Let’s stop dressing up diet culture as a health pursuit

diet culture

Yesterday I attended some mental health awareness training.

It was generally a really good session that taught me quite a few things about anxiety and depression.

But it also brought a couple of things home to me that I feel compelled to raise awareness about.

Towards the end of the training, the presentation inevitably turned to diet and exercise and how these can impact your mental health.

I was expecting this, of course.

The presenter explained the importance of a balanced diet, regular exercise, and staying hydrated.


She then went on to talk about how we need to be avoiding ‘unhealthy’ foods at all costs because of the negative impact on our health.

She then went as far as to tell us how she had been really ‘naughty’ earlier in the day as she had given in to a caffeine-free, diet coke instead of her usual water.

Now, I have 2 serious issues with this.


I have spoken on several occasions about how talking about food as ‘healthy’, ‘unhealthy, ‘good’, ‘bad’ etc is not helpful and can actually create stress and anxiety.

When we label food in this way, we automatically give it power.  We try to restrict all the ‘bad’ things and then feel guilt or shame when we end up inevitably eating them.

Ironically, we are also more prone to OVEREAT foods we class as ‘unhealthy’ for this exact reason – they become the forbidden fruit that we cannot stop fantasising about.

A much better approach is to allow yourself unconditional permission to eat all foods, to see them all as emotionally equal.

Instead of obsessing about the low nutritional value of certain foods, reflect on how they make you physically feel compared with other options.

When you shift your focus, eating becomes much less stressful and you will be able to find balance with much more ease.

I often recommend that my clients think about junk food as play food, as something that has an important role to play in their lives. You can read more about that here.

I am raising this point here because I think it is so important that we begin to realise just how much diet culture is infiltrated within our society.

Yes, what we eat has an impact on our mental health but I would argue that attaching rules and making moral judgements about food impacts our mental state just as much, if not more.

If we were allowed to just become more attuned with our bodies, if the subliminal messages would fade into the distance so we didn’t feel stressed or confused about every bite of food, I am sure much of the population would be in a happier place.

Negative self talk 

This brings me on to my next point.

The presenter spoke in a lot of detail about how negative self-talk is a catalyst for anxiety.

She then went on to talk about how ‘naughty’ she had been for having her can of diet, caffeine-free coke.

Can you see the irony?

She has told herself that coke is ‘bad’ and is therefore beating herself up for drinking it.

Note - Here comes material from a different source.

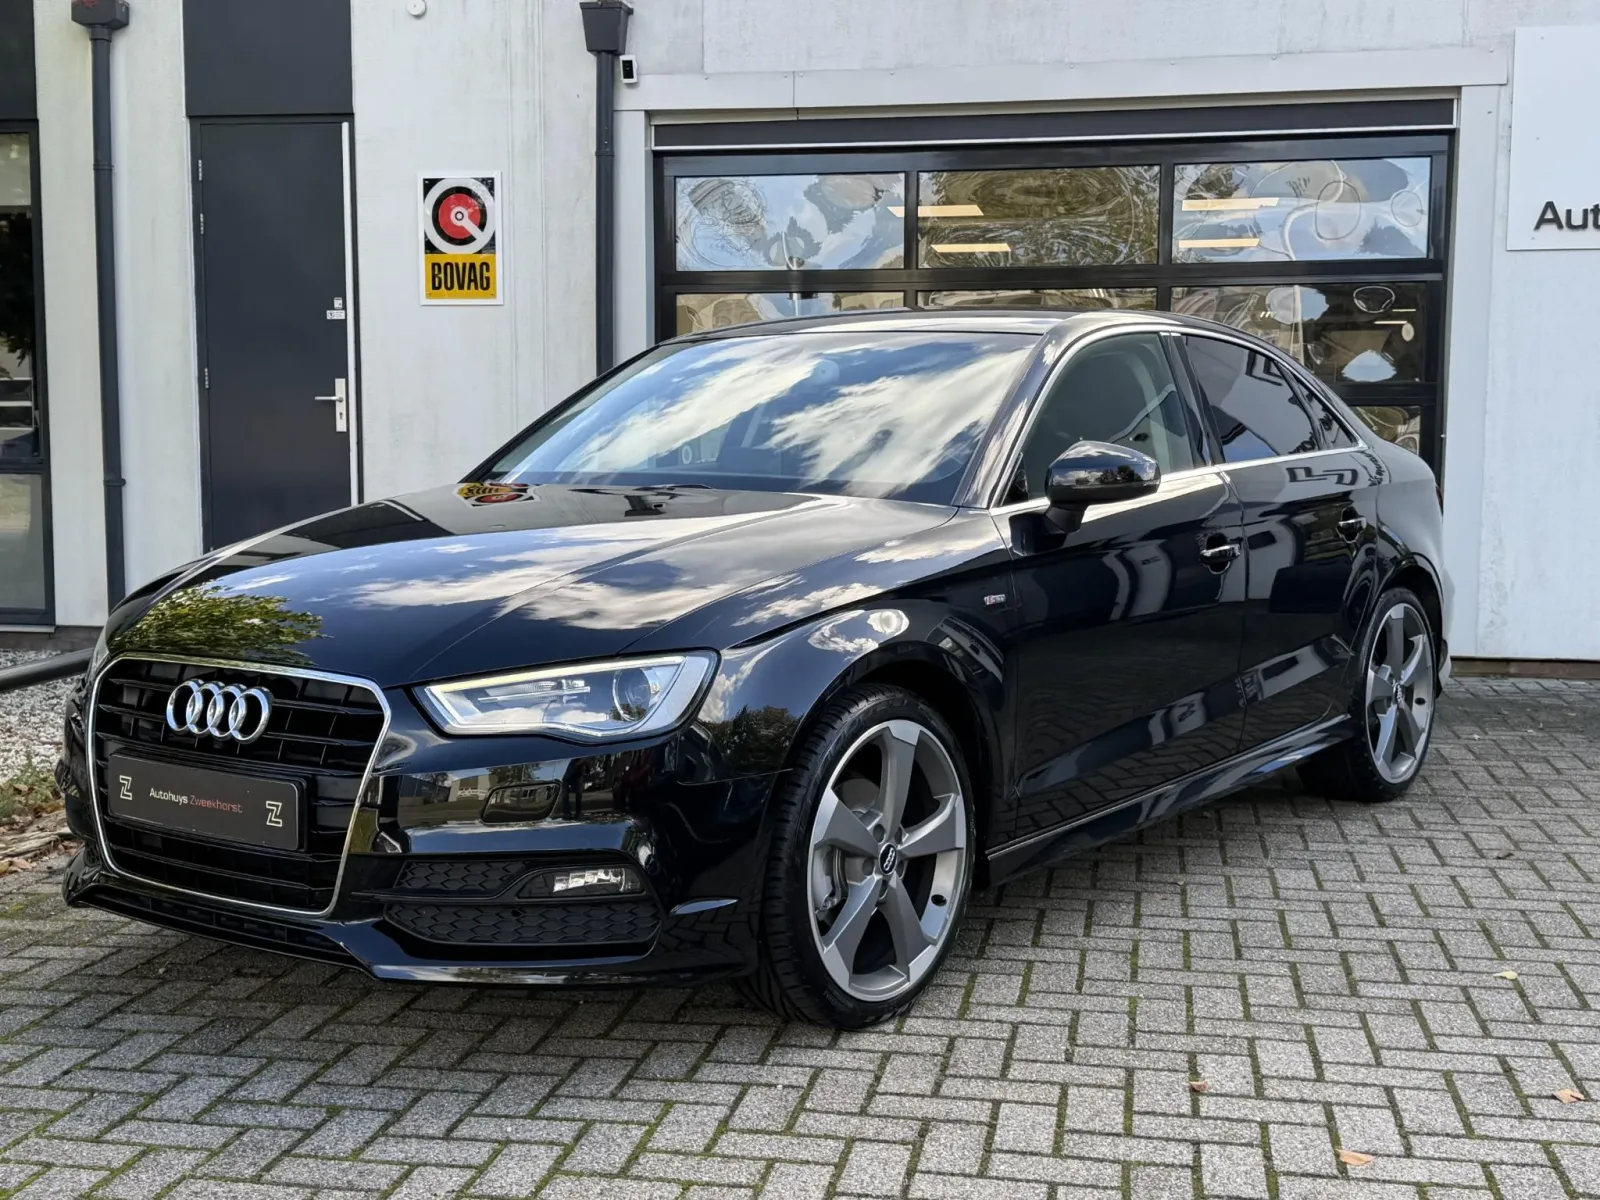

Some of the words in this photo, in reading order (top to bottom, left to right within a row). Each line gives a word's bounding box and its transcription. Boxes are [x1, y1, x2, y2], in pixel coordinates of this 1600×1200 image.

I think this very clearly demonstrates how harmful it is to categorise food.

If you are constantly living by diet ‘rules’, you will constantly be bashing yourself when you ‘allow’ unpermitted food or drink.  Over time, this erodes your confidence, self-esteem and trust in your own body.

There is a convincing body of evidence to suggest that demonising foods leaves people terrified of eating the ‘wrong’ thing which hurts your psychological health and well-being.

To sum up, I think it is safe to say that the lady presenting this course had no intention of doing any harm but ‘diet culture’ is so ingrained within our psyche that we do not even notice it and this is worrying.

There needs to be more awareness of how diet rules are dressing themselves up as being a ‘health’ pursuit, especially amongst professionals who are clearly having an influence over many.

This training was for managers and leaders, the messages will be disseminated far and wide.

I will say that the trainer was very knowledgable and great for the most part.

It is just unfortunate that she was not quite as self-aware as she may have liked to think.